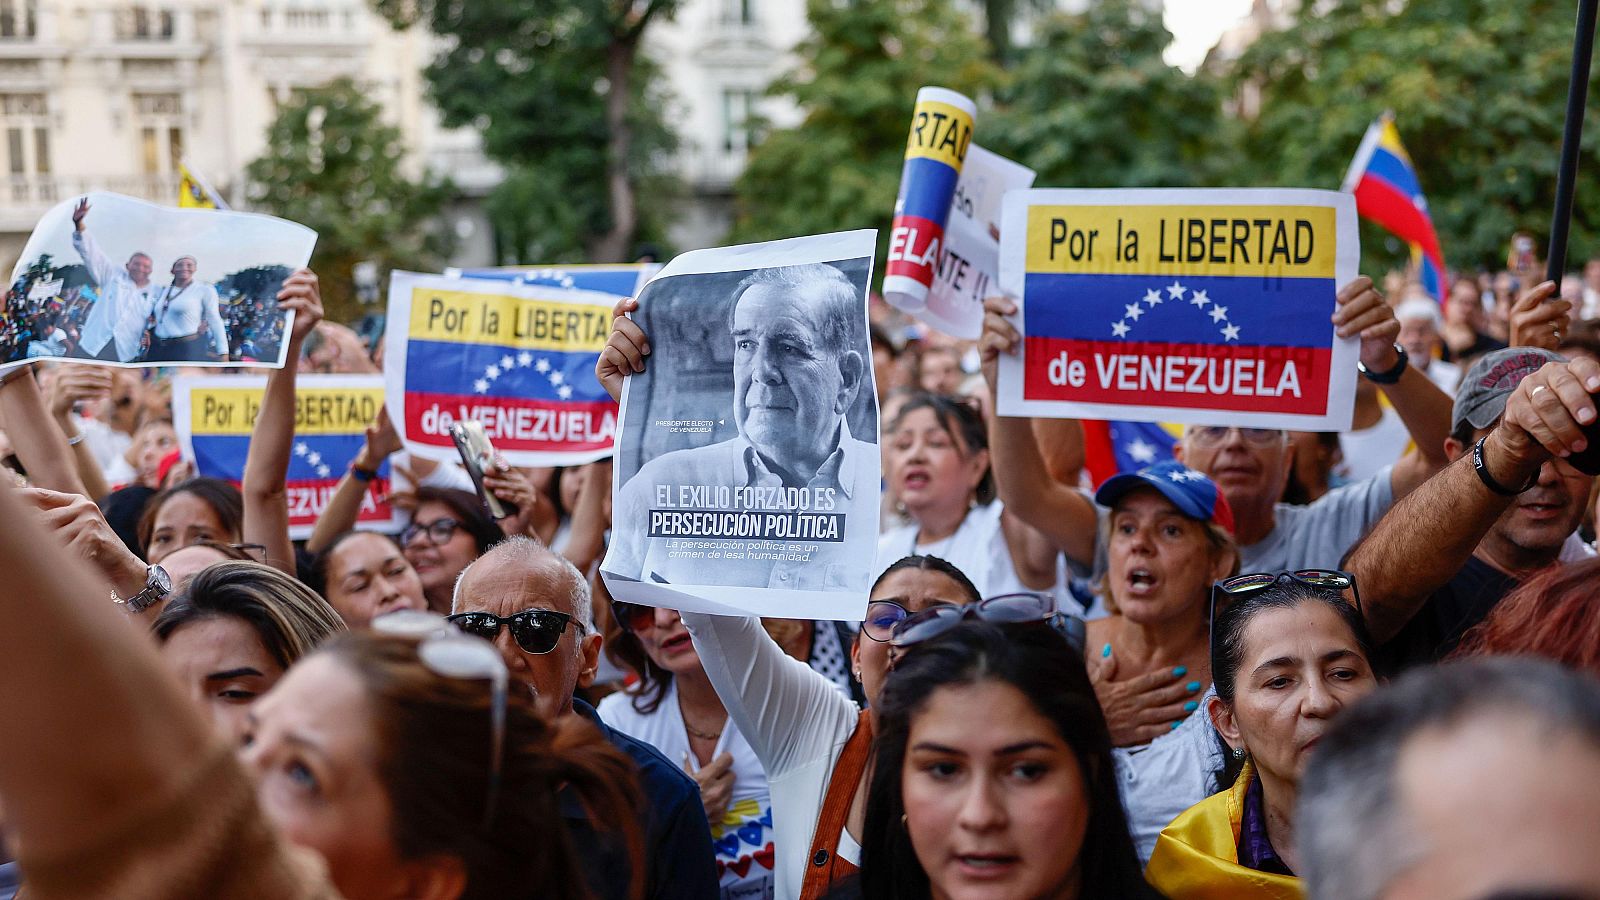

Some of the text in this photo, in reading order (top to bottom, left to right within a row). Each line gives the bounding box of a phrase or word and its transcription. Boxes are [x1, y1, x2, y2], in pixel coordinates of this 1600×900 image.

[1050, 218, 1314, 265] Por la LIBERTAD
[428, 299, 607, 342] Por la LIBERTA
[1048, 351, 1302, 398] de VENEZUELA
[203, 395, 234, 426] Por
[294, 395, 376, 426] BERTAD
[421, 403, 452, 436] de
[656, 484, 836, 511] EL EXILIO FORZADO ES
[651, 510, 838, 538] PERSECUCIÓN POLÍTICA
[665, 540, 819, 552] La persecución política es un
[707, 550, 721, 559] de
[723, 551, 745, 559] lesa
[747, 551, 812, 562] humanidad.
□ □ □
[Task goal]
Everything in the listing above, apart from its pictures, must be repeated exactly.

[Answer section]
Some of the text in this photo, in reading order (top to bottom, left to right within a row). Each line gives the bounding box of a phrase or word and its transcription. Boxes are [x1, y1, x2, y2], in pixel coordinates of this 1600×900 image.

[1050, 218, 1314, 265] Por la LIBERTAD
[428, 299, 607, 342] Por la LIBERTA
[1048, 351, 1302, 398] de VENEZUELA
[203, 395, 234, 426] Por
[294, 395, 376, 426] BERTAD
[421, 403, 452, 436] de
[656, 484, 836, 511] EL EXILIO FORZADO ES
[651, 510, 838, 538] PERSECUCIÓN POLÍTICA
[665, 540, 819, 552] La persecución política es un
[707, 550, 721, 559] de
[723, 551, 745, 559] lesa
[747, 551, 812, 562] humanidad.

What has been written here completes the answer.